Hello everyone.  I was just wondering what this construction means?  I don't have a full sentence but how exactly does it change the meaning of the root word?   Other examples I've heard are:  
_
kukulit-kulitin
susundan-sundan

_Thanks,

Chris


----------



## Wacky...

Those examples are funny. xD

It means that the action does not happen only once. It also has something to do with persistence and stubbornness.
Ex.
Ulitin mo. _Repeat it/do it again.
_Ulit-ulitin mo. _Keep repeating it.

_Bakit mo ba ako sinusundan-sundan? _Why do you keep on following me?_

Now that's interesting. Perhaps that's just the way it is translated most of the time, "keep..."

Hope it helped.


----------



## Cracker Jack

It means doing something over and over again.
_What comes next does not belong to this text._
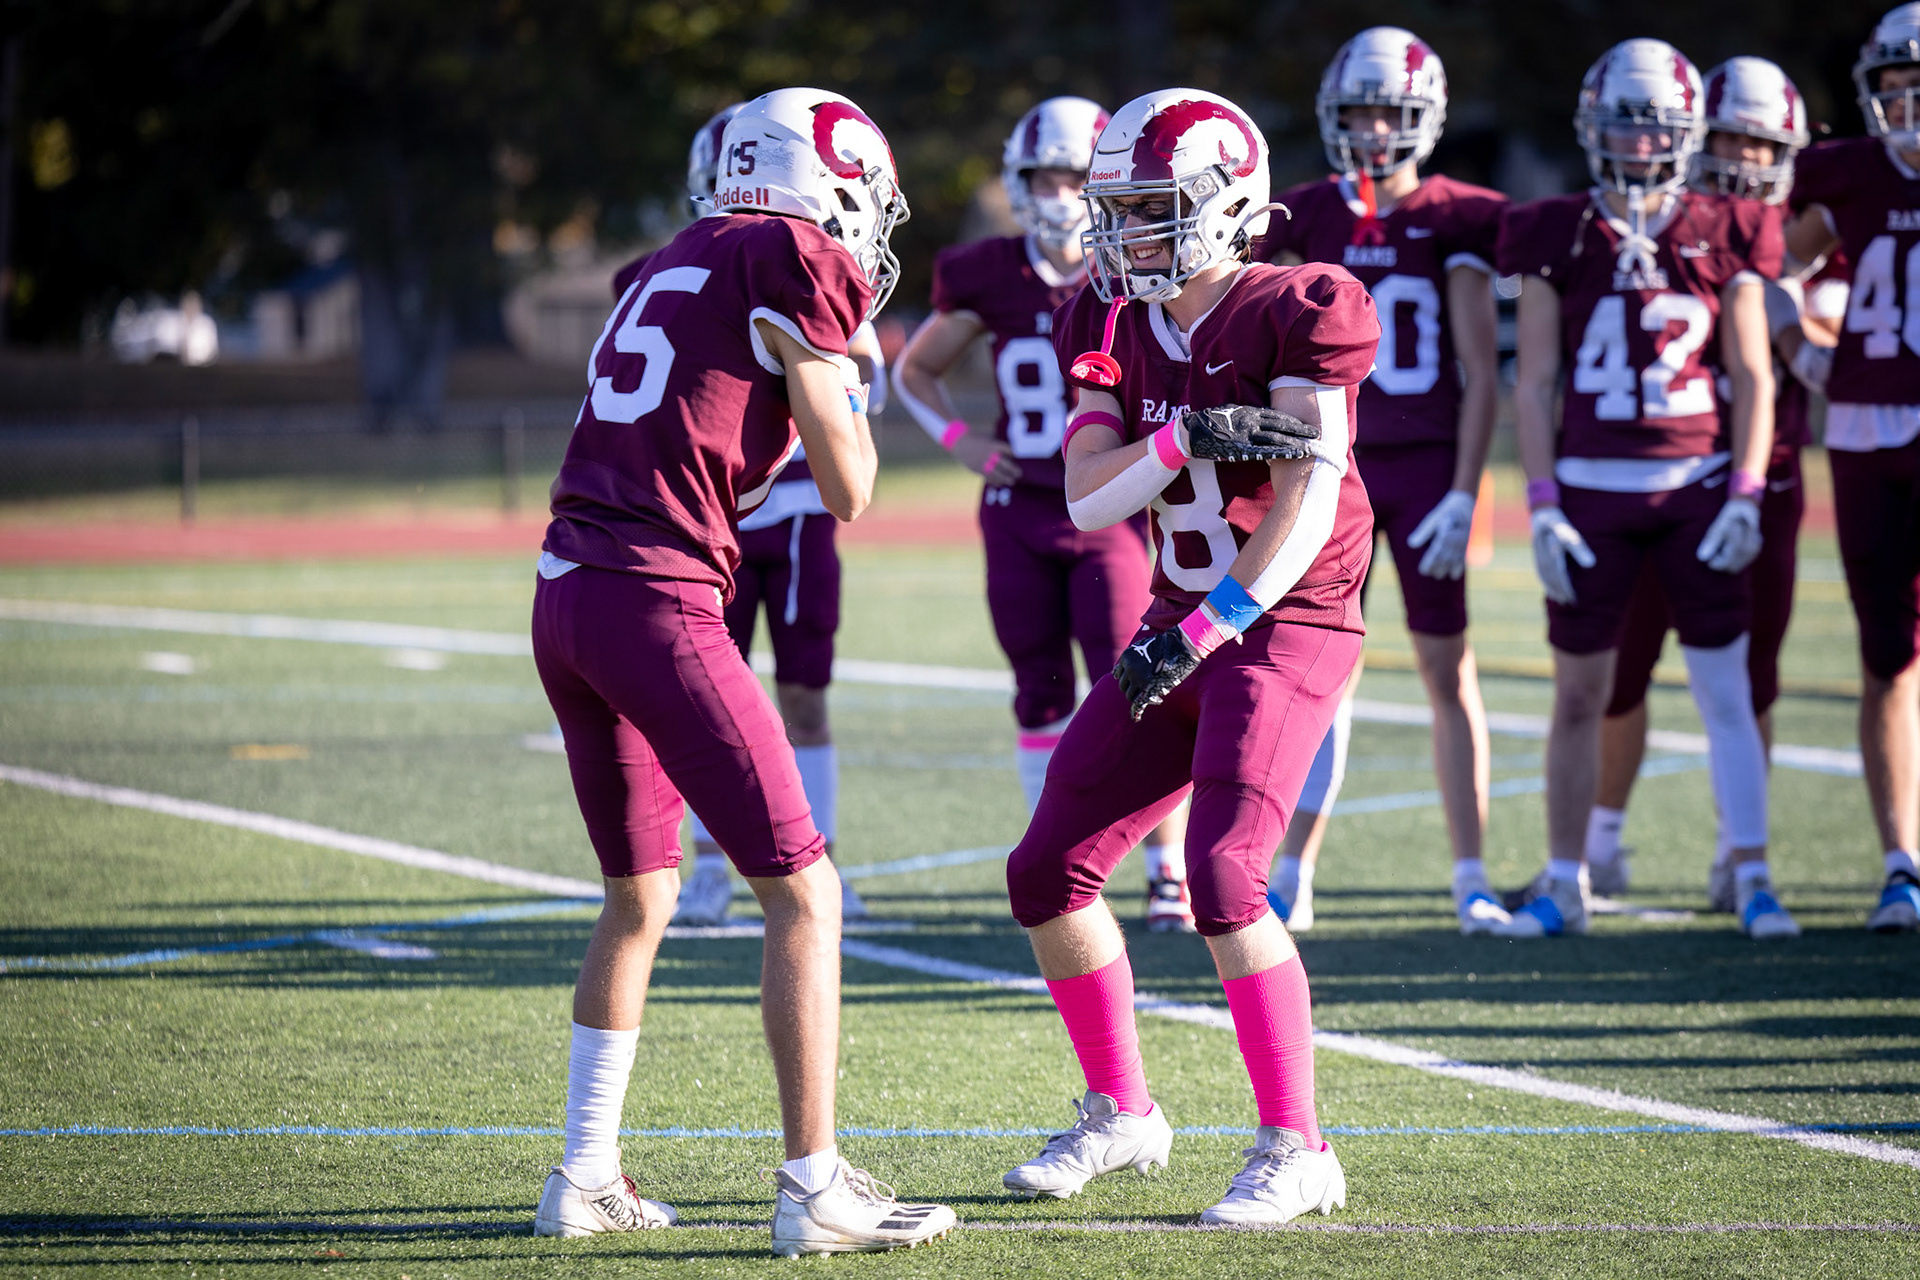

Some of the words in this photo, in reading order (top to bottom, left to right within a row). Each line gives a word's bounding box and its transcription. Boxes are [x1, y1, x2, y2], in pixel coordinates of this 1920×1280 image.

The formula consists of 

prefix(depending on the infinitive) + infinitive + infinitive + suffix in/an


Hope this helps.


----------



## Chriszinho85

Okay.  I understand now.  Thanks Wacky and Cracker Jack for the replies.  So does the same meaning apply when used with -um- verbs?  For example,

_iiyak-iyak - _to keep crying?
_lalapit-lapit - _to keep coming closer?

Chris


----------



## Wacky...

Yes.. those words are valid. However, they are in future tense (or non-past) not in infinitive form.

I think, another possible translation is:
_subuk-subukan_ - to try and try [something] #what do you think?

"to keep crying" *?
*translating it spontaneously, I think of "umiyak ng umiyak"
But anyway, they basically have no difference:
_kulit-kulitin = kulitin ng kulitin
sundan-sundan = sundan ng sundan
ulit-ulitin = ulitin ng ulitin
umiyak-iyak = umiyak ng umiyak
lumapit-lapit = lumapit ng lumapit
_You have to get used to which one is used more frequently.
____
I disagree with the formula given earlier. I have to say though that it is a little bit tricky.

-in/-an verbs (transitive), future tense:
I propose this formula:
first-syllable duplicate + root word + '-' + infinitive (original)
Ex.
kulitin
ku + kulit + - + kulitin = kukulit-kulitin

sundan (sunudan)
su + sunod + - + sundan (sunudan) = susundan-sundan
There is evidently a corruption here where the root word seems to be "sundan" but is actually "sunod." The result was supposed to be "susunud-sunudan" but sounds rather awkward.

For the -in/-an verbs, infinitive:
just drop the first-syllable duplicate...
kukulit-kulitin
susundan-sundan

For the -um- verbs, it's different. Going further to the different tenses, it'd be a lot confusing.


----------



## Chriszinho85

Thanks again Wacky for the detailed explanation!


----------